Problem description: Each line below that carries the string "words" must appear in the answer.

Records for the task:
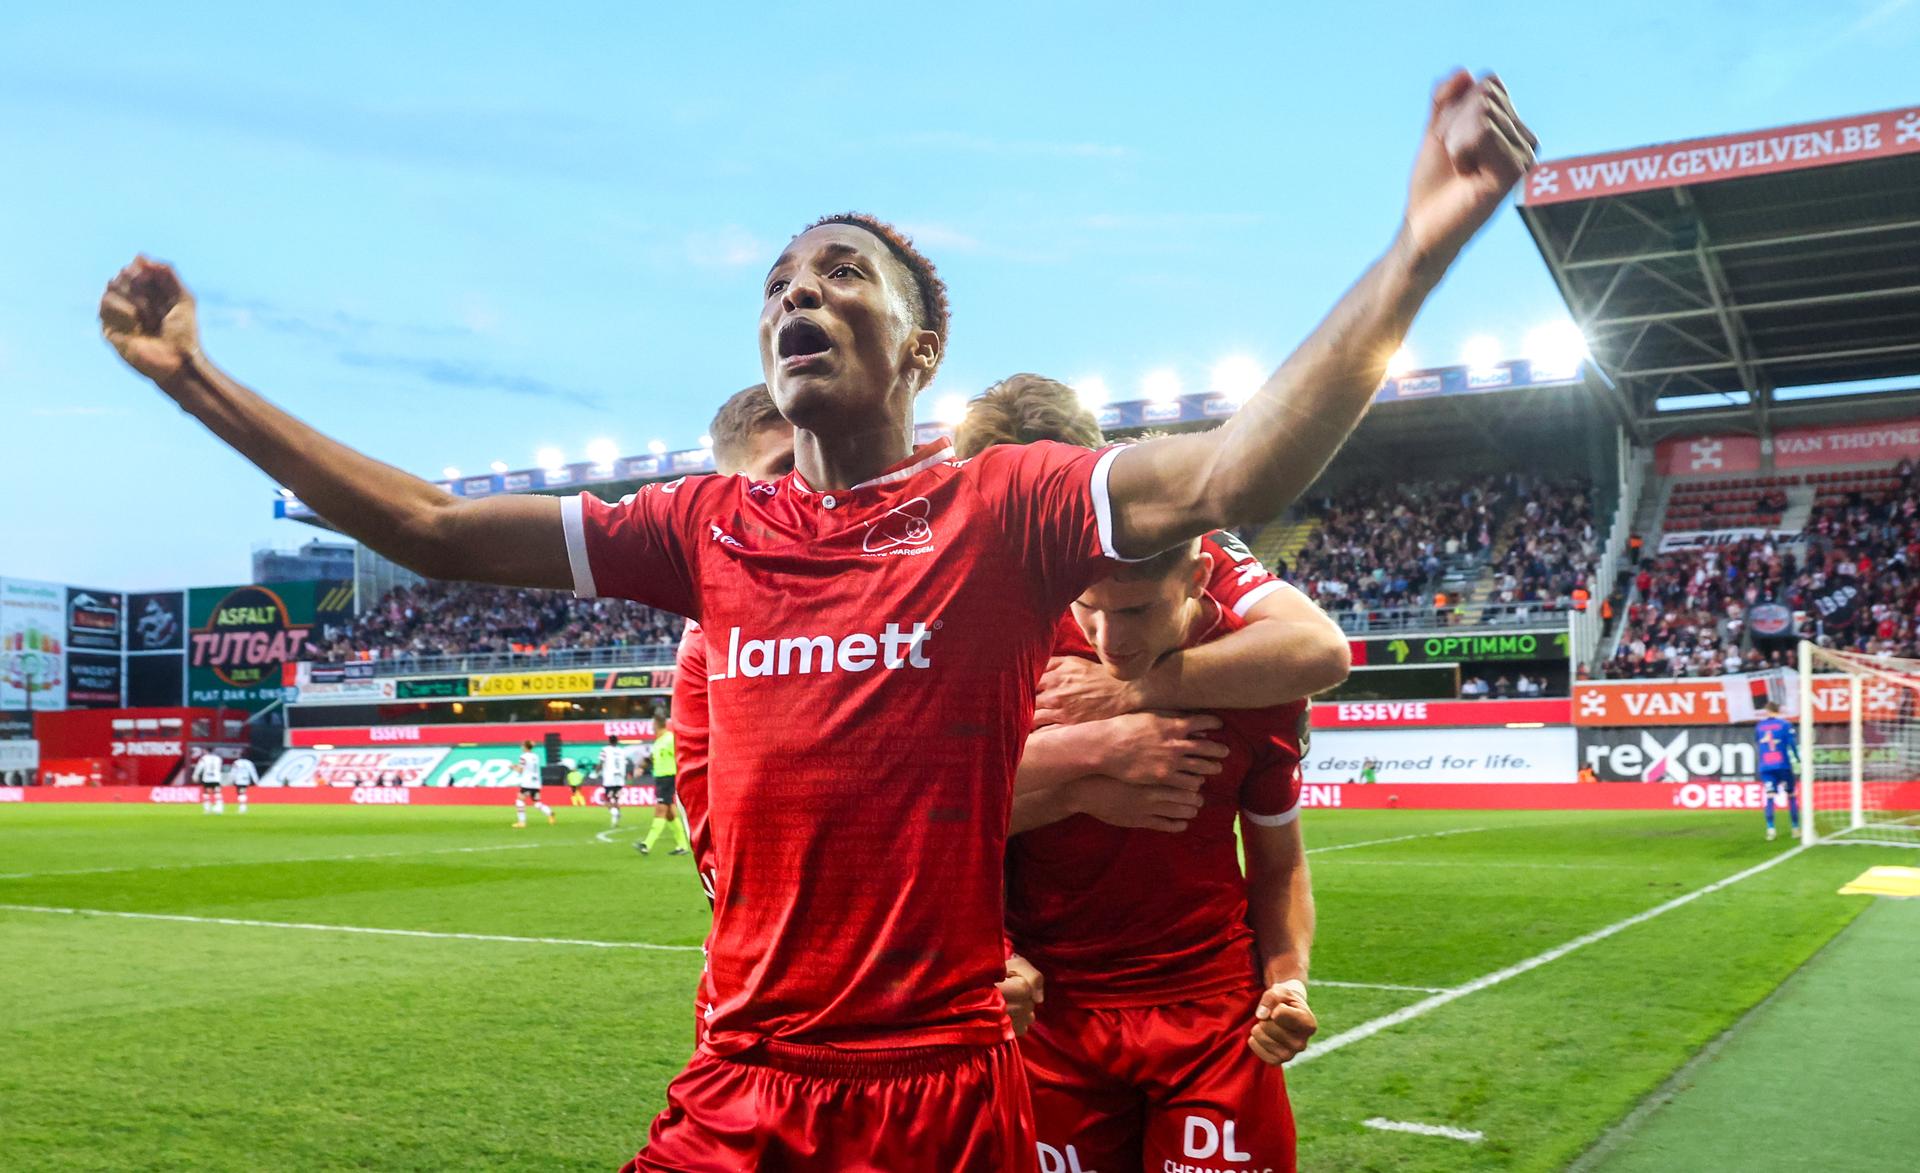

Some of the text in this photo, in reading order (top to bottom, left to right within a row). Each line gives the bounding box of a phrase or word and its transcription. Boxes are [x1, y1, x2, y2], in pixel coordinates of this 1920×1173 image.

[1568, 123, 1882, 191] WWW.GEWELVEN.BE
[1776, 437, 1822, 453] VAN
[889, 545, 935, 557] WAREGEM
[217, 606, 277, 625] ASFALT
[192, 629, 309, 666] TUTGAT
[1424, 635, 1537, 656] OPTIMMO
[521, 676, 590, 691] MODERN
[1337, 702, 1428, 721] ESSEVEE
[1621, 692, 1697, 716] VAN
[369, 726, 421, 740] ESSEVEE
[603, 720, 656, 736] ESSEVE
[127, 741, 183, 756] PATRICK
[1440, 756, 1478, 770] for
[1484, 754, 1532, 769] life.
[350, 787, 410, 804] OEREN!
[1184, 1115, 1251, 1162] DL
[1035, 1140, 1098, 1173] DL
* * *
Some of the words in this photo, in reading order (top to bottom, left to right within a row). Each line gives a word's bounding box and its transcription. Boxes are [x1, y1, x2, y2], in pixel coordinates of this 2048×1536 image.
==
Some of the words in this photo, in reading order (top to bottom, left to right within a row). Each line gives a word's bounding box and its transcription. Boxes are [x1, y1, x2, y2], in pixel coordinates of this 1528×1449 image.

Task output:
Some of the words in this photo, in reading order (top to bottom, left to right within a row). Each line gives a word's bounding box and its transcription. Boxes are [x1, y1, x2, y2], in pixel coordinates of this 2048×1536 image.
Some of the words in this photo, in reading order (top to bottom, left to right within a row). Each line gives a word's bounding box and its transcription. Boxes are [x1, y1, x2, y2], in pixel coordinates of this 1528×1449 image.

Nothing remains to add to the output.